La vénération que Liszt portait à sainte Elisabeth se transforma en oratorio. Le compositeur se trouvait à Pest pour en diriger la création. Le concert eut lieu dans la grande salle de la Redoute, récemment construite. Il eut un succès fou. Le compositeur Smetana était dans la salle. Les Hongrois retrouvèrent dans l’œuvre des citations d’anciens chants d’église ou de chants populaires qui enflammèrent leur âme.
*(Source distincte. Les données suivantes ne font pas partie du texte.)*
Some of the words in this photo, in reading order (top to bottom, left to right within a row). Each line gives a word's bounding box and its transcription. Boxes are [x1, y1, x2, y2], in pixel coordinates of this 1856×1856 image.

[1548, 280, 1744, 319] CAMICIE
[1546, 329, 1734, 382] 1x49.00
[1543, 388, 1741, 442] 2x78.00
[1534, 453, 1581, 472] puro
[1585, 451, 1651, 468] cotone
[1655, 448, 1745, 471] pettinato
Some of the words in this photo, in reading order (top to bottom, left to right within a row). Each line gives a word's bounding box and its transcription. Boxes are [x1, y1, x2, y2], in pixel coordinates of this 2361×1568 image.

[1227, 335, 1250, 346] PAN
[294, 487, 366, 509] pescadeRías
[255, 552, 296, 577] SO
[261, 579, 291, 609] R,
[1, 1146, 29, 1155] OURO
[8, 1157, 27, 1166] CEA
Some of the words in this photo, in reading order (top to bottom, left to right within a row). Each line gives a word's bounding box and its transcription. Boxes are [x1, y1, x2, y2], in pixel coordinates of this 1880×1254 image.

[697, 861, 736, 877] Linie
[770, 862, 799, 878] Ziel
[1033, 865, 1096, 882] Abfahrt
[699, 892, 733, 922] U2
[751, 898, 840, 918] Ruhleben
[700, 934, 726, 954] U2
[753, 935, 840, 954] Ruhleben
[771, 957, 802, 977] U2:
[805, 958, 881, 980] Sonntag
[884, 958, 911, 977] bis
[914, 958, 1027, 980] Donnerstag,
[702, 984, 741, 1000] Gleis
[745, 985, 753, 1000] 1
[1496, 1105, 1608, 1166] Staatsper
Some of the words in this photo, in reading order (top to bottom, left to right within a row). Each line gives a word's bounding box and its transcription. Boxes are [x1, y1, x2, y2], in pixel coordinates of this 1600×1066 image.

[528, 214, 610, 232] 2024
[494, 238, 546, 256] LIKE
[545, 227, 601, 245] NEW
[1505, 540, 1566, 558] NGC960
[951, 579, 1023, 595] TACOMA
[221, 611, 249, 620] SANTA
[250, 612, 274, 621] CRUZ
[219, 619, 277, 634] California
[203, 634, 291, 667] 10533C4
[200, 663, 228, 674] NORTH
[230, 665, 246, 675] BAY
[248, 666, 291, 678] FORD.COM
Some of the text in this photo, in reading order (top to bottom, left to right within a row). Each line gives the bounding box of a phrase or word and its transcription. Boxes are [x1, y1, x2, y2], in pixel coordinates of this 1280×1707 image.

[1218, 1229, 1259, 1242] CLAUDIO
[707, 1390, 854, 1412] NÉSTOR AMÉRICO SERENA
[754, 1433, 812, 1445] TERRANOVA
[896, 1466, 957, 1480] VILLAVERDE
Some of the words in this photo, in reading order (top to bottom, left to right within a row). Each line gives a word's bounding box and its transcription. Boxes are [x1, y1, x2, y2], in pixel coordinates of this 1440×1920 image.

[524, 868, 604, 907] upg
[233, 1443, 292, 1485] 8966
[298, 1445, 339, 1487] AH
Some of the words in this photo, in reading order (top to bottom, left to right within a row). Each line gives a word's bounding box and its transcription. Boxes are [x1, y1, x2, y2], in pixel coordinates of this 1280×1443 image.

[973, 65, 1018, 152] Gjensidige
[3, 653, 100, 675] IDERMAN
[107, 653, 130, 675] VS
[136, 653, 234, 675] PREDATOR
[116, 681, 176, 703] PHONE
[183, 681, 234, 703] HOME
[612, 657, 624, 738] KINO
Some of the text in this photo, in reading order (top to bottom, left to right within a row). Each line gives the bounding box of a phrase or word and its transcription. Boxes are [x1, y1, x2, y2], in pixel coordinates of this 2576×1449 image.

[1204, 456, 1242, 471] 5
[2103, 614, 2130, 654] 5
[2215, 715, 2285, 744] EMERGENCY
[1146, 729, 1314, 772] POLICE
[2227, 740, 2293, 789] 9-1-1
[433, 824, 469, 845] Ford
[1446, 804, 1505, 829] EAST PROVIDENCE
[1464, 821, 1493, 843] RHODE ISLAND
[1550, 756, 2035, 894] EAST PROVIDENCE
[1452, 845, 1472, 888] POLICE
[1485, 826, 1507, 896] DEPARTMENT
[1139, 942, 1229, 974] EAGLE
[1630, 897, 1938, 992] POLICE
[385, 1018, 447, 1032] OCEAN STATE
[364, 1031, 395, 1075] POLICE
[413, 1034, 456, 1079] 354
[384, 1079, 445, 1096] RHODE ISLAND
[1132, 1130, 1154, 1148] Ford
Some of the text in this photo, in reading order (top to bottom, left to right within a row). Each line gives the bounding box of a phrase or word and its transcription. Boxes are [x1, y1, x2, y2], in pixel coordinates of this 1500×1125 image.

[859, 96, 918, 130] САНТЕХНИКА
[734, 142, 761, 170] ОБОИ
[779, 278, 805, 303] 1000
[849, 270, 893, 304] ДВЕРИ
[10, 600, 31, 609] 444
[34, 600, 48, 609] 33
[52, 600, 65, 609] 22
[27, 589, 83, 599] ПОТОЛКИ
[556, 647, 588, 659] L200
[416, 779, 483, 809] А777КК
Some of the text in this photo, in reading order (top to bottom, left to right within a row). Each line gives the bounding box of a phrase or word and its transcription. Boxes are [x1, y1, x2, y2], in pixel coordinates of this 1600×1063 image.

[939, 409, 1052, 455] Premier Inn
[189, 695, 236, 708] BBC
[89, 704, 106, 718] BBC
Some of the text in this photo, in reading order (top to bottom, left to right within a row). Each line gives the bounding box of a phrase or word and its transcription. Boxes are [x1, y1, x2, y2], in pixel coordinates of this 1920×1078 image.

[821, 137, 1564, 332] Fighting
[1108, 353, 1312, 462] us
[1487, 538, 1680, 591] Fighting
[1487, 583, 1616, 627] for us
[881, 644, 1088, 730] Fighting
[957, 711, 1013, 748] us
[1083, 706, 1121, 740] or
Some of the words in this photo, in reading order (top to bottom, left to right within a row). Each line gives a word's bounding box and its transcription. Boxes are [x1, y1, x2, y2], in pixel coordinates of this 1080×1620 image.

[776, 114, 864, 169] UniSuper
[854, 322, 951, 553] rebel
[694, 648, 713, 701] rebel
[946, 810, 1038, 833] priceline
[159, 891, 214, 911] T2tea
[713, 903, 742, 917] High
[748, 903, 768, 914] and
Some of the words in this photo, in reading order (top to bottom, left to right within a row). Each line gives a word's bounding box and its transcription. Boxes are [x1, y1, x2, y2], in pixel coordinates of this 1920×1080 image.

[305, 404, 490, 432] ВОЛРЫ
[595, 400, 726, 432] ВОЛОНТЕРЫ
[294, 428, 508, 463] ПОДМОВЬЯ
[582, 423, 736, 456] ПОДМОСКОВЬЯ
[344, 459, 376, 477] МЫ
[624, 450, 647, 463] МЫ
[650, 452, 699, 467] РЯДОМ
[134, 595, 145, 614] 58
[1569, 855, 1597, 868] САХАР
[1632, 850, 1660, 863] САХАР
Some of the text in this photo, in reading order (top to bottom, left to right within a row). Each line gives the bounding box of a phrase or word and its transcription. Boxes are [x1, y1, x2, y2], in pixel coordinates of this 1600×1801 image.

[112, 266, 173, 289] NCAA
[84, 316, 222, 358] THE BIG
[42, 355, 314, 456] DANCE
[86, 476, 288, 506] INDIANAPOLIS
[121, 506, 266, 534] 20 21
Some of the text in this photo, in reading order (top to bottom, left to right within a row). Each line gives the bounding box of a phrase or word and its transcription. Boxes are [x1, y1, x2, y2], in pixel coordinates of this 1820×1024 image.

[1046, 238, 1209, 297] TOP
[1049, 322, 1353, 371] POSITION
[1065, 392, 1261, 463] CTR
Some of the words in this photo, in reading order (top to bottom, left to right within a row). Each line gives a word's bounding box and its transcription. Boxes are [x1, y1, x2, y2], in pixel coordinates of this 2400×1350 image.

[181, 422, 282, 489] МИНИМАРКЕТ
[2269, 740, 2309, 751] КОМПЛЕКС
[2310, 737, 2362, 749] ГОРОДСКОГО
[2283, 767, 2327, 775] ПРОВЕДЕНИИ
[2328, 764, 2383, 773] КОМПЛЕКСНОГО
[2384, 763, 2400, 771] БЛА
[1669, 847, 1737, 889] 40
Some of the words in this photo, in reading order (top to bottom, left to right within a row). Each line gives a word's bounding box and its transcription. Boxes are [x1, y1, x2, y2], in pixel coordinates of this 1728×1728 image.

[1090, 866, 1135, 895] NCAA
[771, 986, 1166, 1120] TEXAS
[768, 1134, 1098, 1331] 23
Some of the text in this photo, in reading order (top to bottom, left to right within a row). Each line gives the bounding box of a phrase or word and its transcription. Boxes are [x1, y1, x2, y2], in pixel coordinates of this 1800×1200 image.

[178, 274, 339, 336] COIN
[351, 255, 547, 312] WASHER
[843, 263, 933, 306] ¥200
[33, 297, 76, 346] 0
Apothéose orchestrale et chorale

Œuvre monumentale que cette Légende de sainte Elisabeth ! Elle dure plus de deux heures. La pièce naît dans une ambiance de musique de chambre où les vents puis les cordes interviennent comme dans une antienne du 16e siècle, traduisant la douceur d’Elisabeth. Puis l’œuvre grandit, atteignant des apothéoses orchestrales et chorales. Liszt fait exploser des tonnerres, sonner les cuivres, rouler les timbales.
Cinq solistes incarnent les divers personnages : Elisabeth (soprano), sa belle-mère Sophie (mezzo), son mari Ludwig (baryton), son beau-père et l’empereur Frédéric II (deux basses). Six épisodes se succèdent : l’arrivée d’Elisabeth à la Wartbourg, sa vie avec son mari, le départ de celui-ci pour la croisade, l’expulsion d’Elisabeth par sa belle-mère Sophie, sa mort au milieu des pauvres, ses funérailles en présence de l’empereur.
Au gré des épisodes, la musique passe du grandiose à l’intime. Et c’est peut-être sous ce second aspect qu’elle est le plus émouvante. Ici retentissent les sonneries de cors dans la scène de la chasse ; plus loin le duo entre Elisabeth et Ludwig pourrait être entendu dans un opéra ; arrive ensuite le touchant passage du miracle des roses. Là, la marche des croisés, puis l’orage wagnérien de la fureur de Sophie suivi de la détresse d’Elisabeth. Le chœur des pauvres, bouleversant de simplicité, accompagne la mort de la sainte. À la fin, la marche funèbre se transforme en marche triomphale. Alors, Liszt ne fait plus chanter en allemand mais en latin. Il veut atteindre l’universel. Est-ce le miracle du pain transformé en roses ? Liszt a réussi à unir l’aura de l’abbé au panache de l’artiste.